Viewable is Futile!
While mainstream web publishers fret over the shiny new viewable impression measure, people involved in ad exchanges appear to be shrugging their shoulders. Because the exchanges price media based on demand, which is based on perceived effectiveness, many in the exchange crowd consider measures such as viewable impressions to be unnecessary data that is already baked into the pricing factor.
Another point brought up: due to various native formats becoming popular and other evolutions in the industry, this solution may come at a time when the problem might be on the way out anyhow. A comparison is made to ad verification, something people thought was a hot issue to address a few years ago, but which somewhat promptly went away with third party ad serving verification.
Whether the impression was actually viewable is a completely rational additional piece of information to desire if a media buyer purchases inventory in the traditional insertion order process, buying an arbitrary slate of impressions that may or may not actually be made viewable.
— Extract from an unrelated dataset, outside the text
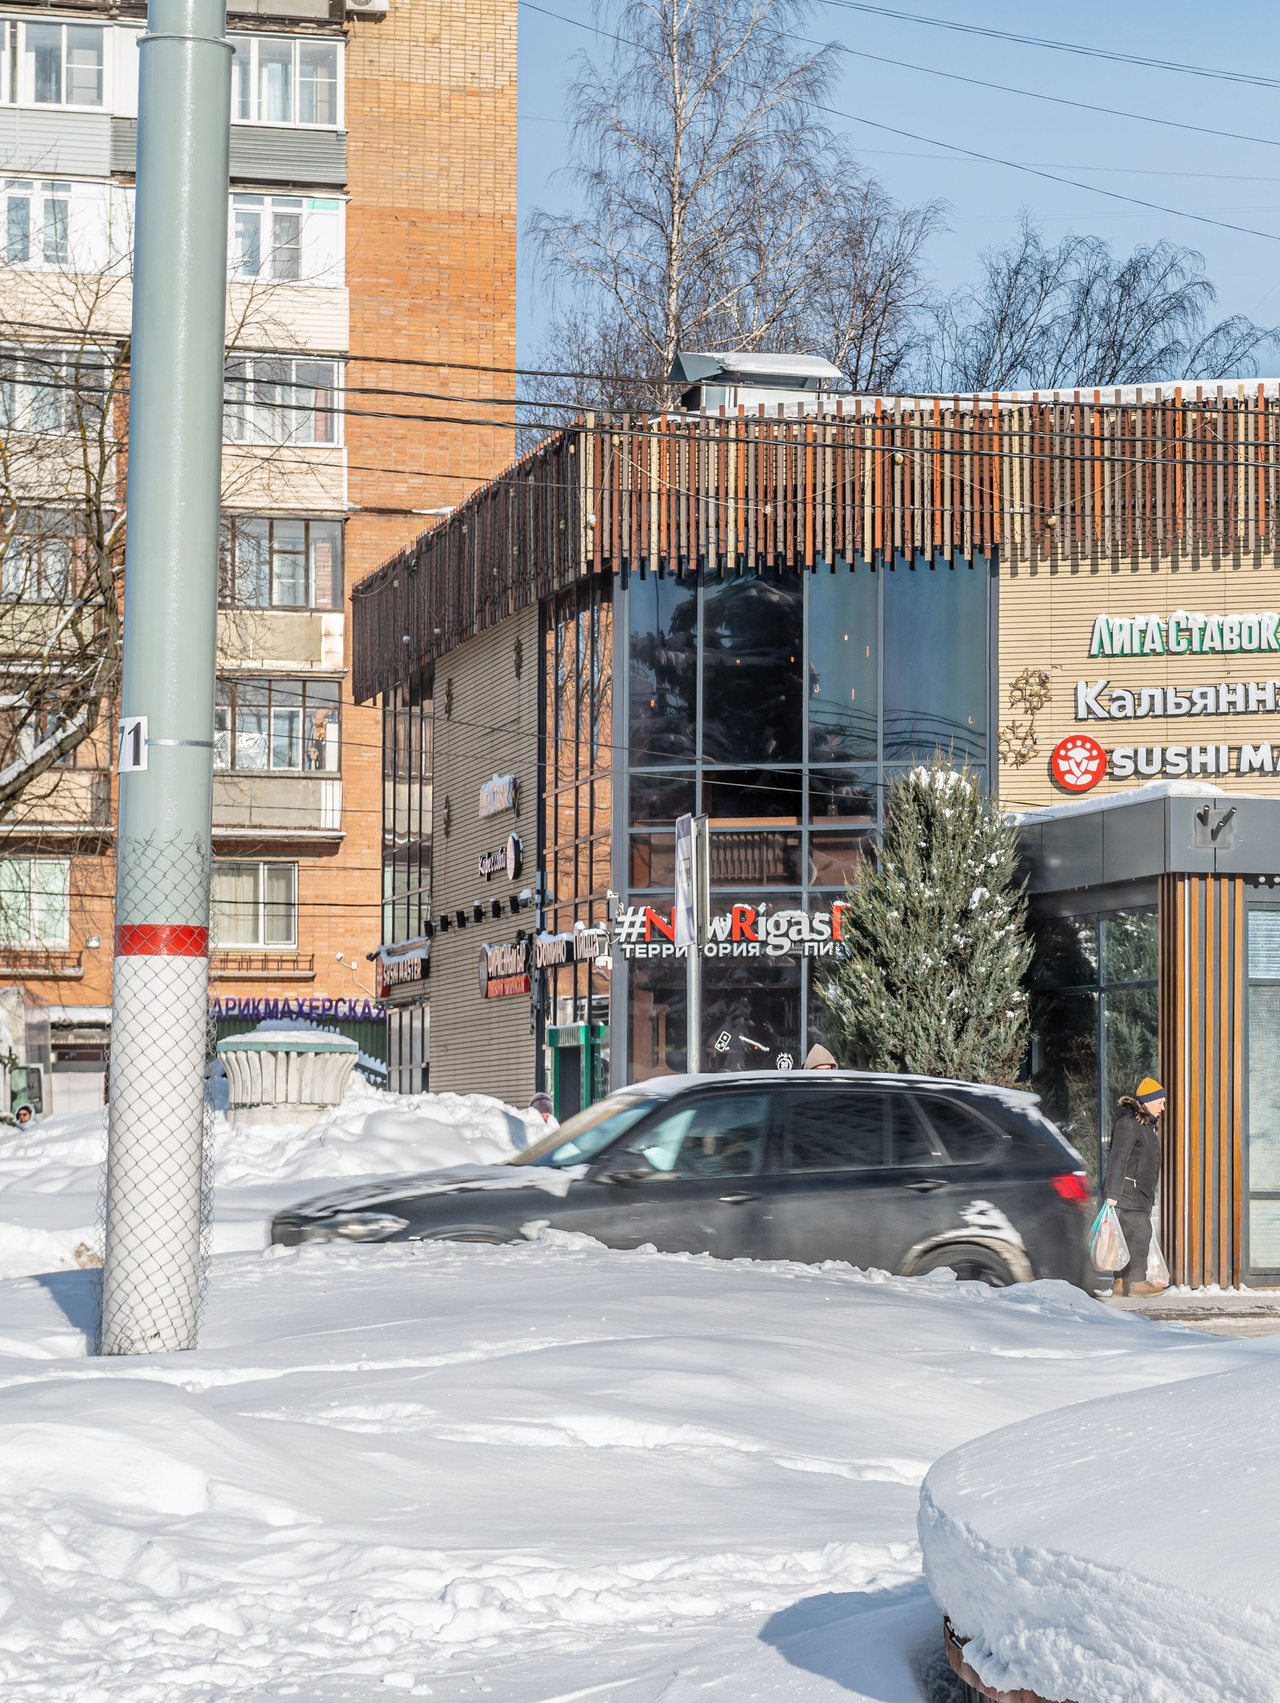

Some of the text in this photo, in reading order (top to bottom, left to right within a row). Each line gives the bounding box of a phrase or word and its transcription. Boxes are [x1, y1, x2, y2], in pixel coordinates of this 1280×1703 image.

[1111, 744, 1230, 777] SUSHI
[622, 943, 762, 959] ТЕРРИОРИЯ
[399, 957, 422, 984] MASTER
[209, 997, 387, 1021] АРИКМАХЕРСКАЯ
A legitimate question, however, is whether or not a significant enough portion of online inventory will be purchased based on this method in the future, justifying the investment needed to distinguish among the different types of impressions.
Someone somewhere will probably wish to purchase all of the rejected impressions, so long as the methodology of detection allows them to be identified before they are exposed. Smart money would bet that those are monetized by packing them off wholesale and sending them over to the robots.